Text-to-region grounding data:
——
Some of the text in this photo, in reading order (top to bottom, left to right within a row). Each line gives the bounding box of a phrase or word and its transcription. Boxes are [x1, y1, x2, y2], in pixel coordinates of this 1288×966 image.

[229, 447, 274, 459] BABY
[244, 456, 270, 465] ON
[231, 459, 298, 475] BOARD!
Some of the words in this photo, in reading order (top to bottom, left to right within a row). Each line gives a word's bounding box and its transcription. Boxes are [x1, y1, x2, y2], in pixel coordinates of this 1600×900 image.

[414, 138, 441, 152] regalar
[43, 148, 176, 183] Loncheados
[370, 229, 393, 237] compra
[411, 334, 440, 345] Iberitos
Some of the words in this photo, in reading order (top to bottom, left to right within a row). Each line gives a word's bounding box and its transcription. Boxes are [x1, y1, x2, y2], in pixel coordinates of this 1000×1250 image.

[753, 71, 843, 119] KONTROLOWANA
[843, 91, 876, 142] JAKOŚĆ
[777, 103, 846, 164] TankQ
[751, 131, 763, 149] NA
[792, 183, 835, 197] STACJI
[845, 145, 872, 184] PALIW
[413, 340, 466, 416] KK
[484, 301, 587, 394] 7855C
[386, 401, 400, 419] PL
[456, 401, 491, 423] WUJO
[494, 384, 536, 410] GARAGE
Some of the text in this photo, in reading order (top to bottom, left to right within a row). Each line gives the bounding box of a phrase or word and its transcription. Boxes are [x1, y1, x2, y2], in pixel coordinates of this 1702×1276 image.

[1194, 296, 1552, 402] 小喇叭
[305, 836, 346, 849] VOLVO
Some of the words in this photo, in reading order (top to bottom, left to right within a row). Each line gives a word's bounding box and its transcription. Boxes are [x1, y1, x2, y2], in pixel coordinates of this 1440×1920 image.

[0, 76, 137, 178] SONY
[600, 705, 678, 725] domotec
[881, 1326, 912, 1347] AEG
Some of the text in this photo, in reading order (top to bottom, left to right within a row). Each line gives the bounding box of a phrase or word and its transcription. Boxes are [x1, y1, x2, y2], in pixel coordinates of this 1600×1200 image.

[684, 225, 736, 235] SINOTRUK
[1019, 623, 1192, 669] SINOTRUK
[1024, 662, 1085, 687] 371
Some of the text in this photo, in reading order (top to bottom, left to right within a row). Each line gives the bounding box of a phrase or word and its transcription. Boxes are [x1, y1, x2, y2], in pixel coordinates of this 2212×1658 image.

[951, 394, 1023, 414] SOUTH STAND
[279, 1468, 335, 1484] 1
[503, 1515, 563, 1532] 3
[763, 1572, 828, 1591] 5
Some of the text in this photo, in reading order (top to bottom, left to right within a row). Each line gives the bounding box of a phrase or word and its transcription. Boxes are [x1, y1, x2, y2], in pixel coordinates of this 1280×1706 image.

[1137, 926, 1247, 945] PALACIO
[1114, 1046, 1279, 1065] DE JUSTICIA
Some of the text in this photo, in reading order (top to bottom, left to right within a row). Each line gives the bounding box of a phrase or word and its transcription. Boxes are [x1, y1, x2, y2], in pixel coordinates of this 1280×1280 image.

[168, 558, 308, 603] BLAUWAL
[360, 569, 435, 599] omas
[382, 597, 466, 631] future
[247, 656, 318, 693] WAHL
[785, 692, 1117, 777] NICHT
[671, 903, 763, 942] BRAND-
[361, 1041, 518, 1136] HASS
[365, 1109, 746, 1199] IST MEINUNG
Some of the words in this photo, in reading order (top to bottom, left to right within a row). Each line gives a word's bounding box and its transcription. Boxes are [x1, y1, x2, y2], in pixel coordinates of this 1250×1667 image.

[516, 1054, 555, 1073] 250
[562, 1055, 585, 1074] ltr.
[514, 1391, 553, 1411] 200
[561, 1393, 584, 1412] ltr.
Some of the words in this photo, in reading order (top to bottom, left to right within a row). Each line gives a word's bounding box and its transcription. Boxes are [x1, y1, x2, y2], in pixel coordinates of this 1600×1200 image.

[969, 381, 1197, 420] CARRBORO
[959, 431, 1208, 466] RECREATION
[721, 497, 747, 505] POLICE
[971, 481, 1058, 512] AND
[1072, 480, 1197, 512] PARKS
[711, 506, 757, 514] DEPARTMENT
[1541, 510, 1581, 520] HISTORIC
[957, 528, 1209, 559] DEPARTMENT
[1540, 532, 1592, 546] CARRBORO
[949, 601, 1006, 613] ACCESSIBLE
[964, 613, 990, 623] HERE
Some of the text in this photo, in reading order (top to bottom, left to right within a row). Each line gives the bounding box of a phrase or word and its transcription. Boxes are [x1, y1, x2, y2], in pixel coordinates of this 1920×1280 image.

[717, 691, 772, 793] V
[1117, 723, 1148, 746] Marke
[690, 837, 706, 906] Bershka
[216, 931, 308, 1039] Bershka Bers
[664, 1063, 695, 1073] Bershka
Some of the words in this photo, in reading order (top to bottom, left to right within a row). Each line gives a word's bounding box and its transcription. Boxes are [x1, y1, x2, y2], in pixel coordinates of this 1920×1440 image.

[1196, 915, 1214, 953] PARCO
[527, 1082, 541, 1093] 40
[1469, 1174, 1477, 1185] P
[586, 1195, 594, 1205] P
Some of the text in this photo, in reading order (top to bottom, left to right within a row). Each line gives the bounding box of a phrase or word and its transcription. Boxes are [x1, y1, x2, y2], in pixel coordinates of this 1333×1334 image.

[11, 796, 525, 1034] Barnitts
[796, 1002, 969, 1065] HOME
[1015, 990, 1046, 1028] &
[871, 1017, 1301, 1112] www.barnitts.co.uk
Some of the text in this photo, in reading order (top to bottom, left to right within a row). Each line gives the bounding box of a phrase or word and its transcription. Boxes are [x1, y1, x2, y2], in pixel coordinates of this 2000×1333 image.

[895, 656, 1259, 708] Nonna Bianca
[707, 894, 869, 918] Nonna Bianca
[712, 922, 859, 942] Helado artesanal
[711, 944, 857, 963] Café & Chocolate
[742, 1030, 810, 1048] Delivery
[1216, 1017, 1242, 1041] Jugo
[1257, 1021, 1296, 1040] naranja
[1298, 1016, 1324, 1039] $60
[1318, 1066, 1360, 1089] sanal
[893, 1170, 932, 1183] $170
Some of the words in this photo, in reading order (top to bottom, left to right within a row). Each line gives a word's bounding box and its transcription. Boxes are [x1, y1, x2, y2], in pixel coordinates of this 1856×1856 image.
——
Problem requirements:
Your task is to restate all of the records above word for word.

Output:
Some of the text in this photo, in reading order (top to bottom, left to right within a row). Each line gives the bounding box of a phrase or word and its transcription. Boxes are [x1, y1, x2, y2], in pixel coordinates of this 1288×966 image.

[229, 447, 274, 459] BABY
[244, 456, 270, 465] ON
[231, 459, 298, 475] BOARD!
Some of the words in this photo, in reading order (top to bottom, left to right within a row). Each line gives a word's bounding box and its transcription. Boxes are [x1, y1, x2, y2], in pixel coordinates of this 1600×900 image.

[414, 138, 441, 152] regalar
[43, 148, 176, 183] Loncheados
[370, 229, 393, 237] compra
[411, 334, 440, 345] Iberitos
Some of the words in this photo, in reading order (top to bottom, left to right within a row). Each line gives a word's bounding box and its transcription. Boxes are [x1, y1, x2, y2], in pixel coordinates of this 1000×1250 image.

[753, 71, 843, 119] KONTROLOWANA
[843, 91, 876, 142] JAKOŚĆ
[777, 103, 846, 164] TankQ
[751, 131, 763, 149] NA
[792, 183, 835, 197] STACJI
[845, 145, 872, 184] PALIW
[413, 340, 466, 416] KK
[484, 301, 587, 394] 7855C
[386, 401, 400, 419] PL
[456, 401, 491, 423] WUJO
[494, 384, 536, 410] GARAGE
Some of the text in this photo, in reading order (top to bottom, left to right within a row). Each line gives the bounding box of a phrase or word and its transcription. Boxes are [x1, y1, x2, y2], in pixel coordinates of this 1702×1276 image.

[1194, 296, 1552, 402] 小喇叭
[305, 836, 346, 849] VOLVO
Some of the words in this photo, in reading order (top to bottom, left to right within a row). Each line gives a word's bounding box and its transcription. Boxes are [x1, y1, x2, y2], in pixel coordinates of this 1440×1920 image.

[0, 76, 137, 178] SONY
[600, 705, 678, 725] domotec
[881, 1326, 912, 1347] AEG
Some of the text in this photo, in reading order (top to bottom, left to right within a row). Each line gives the bounding box of a phrase or word and its transcription. Boxes are [x1, y1, x2, y2], in pixel coordinates of this 1600×1200 image.

[684, 225, 736, 235] SINOTRUK
[1019, 623, 1192, 669] SINOTRUK
[1024, 662, 1085, 687] 371
Some of the text in this photo, in reading order (top to bottom, left to right within a row). Each line gives the bounding box of a phrase or word and its transcription. Boxes are [x1, y1, x2, y2], in pixel coordinates of this 2212×1658 image.

[951, 394, 1023, 414] SOUTH STAND
[279, 1468, 335, 1484] 1
[503, 1515, 563, 1532] 3
[763, 1572, 828, 1591] 5
Some of the text in this photo, in reading order (top to bottom, left to right within a row). Each line gives the bounding box of a phrase or word and its transcription. Boxes are [x1, y1, x2, y2], in pixel coordinates of this 1280×1706 image.

[1137, 926, 1247, 945] PALACIO
[1114, 1046, 1279, 1065] DE JUSTICIA
Some of the text in this photo, in reading order (top to bottom, left to right within a row). Each line gives the bounding box of a phrase or word and its transcription. Boxes are [x1, y1, x2, y2], in pixel coordinates of this 1280×1280 image.

[168, 558, 308, 603] BLAUWAL
[360, 569, 435, 599] omas
[382, 597, 466, 631] future
[247, 656, 318, 693] WAHL
[785, 692, 1117, 777] NICHT
[671, 903, 763, 942] BRAND-
[361, 1041, 518, 1136] HASS
[365, 1109, 746, 1199] IST MEINUNG
Some of the words in this photo, in reading order (top to bottom, left to right within a row). Each line gives a word's bounding box and its transcription. Boxes are [x1, y1, x2, y2], in pixel coordinates of this 1250×1667 image.

[516, 1054, 555, 1073] 250
[562, 1055, 585, 1074] ltr.
[514, 1391, 553, 1411] 200
[561, 1393, 584, 1412] ltr.
Some of the words in this photo, in reading order (top to bottom, left to right within a row). Each line gives a word's bounding box and its transcription. Boxes are [x1, y1, x2, y2], in pixel coordinates of this 1600×1200 image.

[969, 381, 1197, 420] CARRBORO
[959, 431, 1208, 466] RECREATION
[721, 497, 747, 505] POLICE
[971, 481, 1058, 512] AND
[1072, 480, 1197, 512] PARKS
[711, 506, 757, 514] DEPARTMENT
[1541, 510, 1581, 520] HISTORIC
[957, 528, 1209, 559] DEPARTMENT
[1540, 532, 1592, 546] CARRBORO
[949, 601, 1006, 613] ACCESSIBLE
[964, 613, 990, 623] HERE
Some of the text in this photo, in reading order (top to bottom, left to right within a row). Each line gives the bounding box of a phrase or word and its transcription. Boxes are [x1, y1, x2, y2], in pixel coordinates of this 1920×1280 image.

[717, 691, 772, 793] V
[1117, 723, 1148, 746] Marke
[690, 837, 706, 906] Bershka
[216, 931, 308, 1039] Bershka Bers
[664, 1063, 695, 1073] Bershka
Some of the words in this photo, in reading order (top to bottom, left to right within a row). Each line gives a word's bounding box and its transcription. Boxes are [x1, y1, x2, y2], in pixel coordinates of this 1920×1440 image.

[1196, 915, 1214, 953] PARCO
[527, 1082, 541, 1093] 40
[1469, 1174, 1477, 1185] P
[586, 1195, 594, 1205] P
Some of the text in this photo, in reading order (top to bottom, left to right within a row). Each line gives the bounding box of a phrase or word and its transcription. Boxes are [x1, y1, x2, y2], in pixel coordinates of this 1333×1334 image.

[11, 796, 525, 1034] Barnitts
[796, 1002, 969, 1065] HOME
[1015, 990, 1046, 1028] &
[871, 1017, 1301, 1112] www.barnitts.co.uk
Some of the text in this photo, in reading order (top to bottom, left to right within a row). Each line gives the bounding box of a phrase or word and its transcription. Boxes are [x1, y1, x2, y2], in pixel coordinates of this 2000×1333 image.

[895, 656, 1259, 708] Nonna Bianca
[707, 894, 869, 918] Nonna Bianca
[712, 922, 859, 942] Helado artesanal
[711, 944, 857, 963] Café & Chocolate
[742, 1030, 810, 1048] Delivery
[1216, 1017, 1242, 1041] Jugo
[1257, 1021, 1296, 1040] naranja
[1298, 1016, 1324, 1039] $60
[1318, 1066, 1360, 1089] sanal
[893, 1170, 932, 1183] $170
Some of the words in this photo, in reading order (top to bottom, left to right within a row). Each line gives a word's bounding box and its transcription. Boxes are [x1, y1, x2, y2], in pixel coordinates of this 1856×1856 image.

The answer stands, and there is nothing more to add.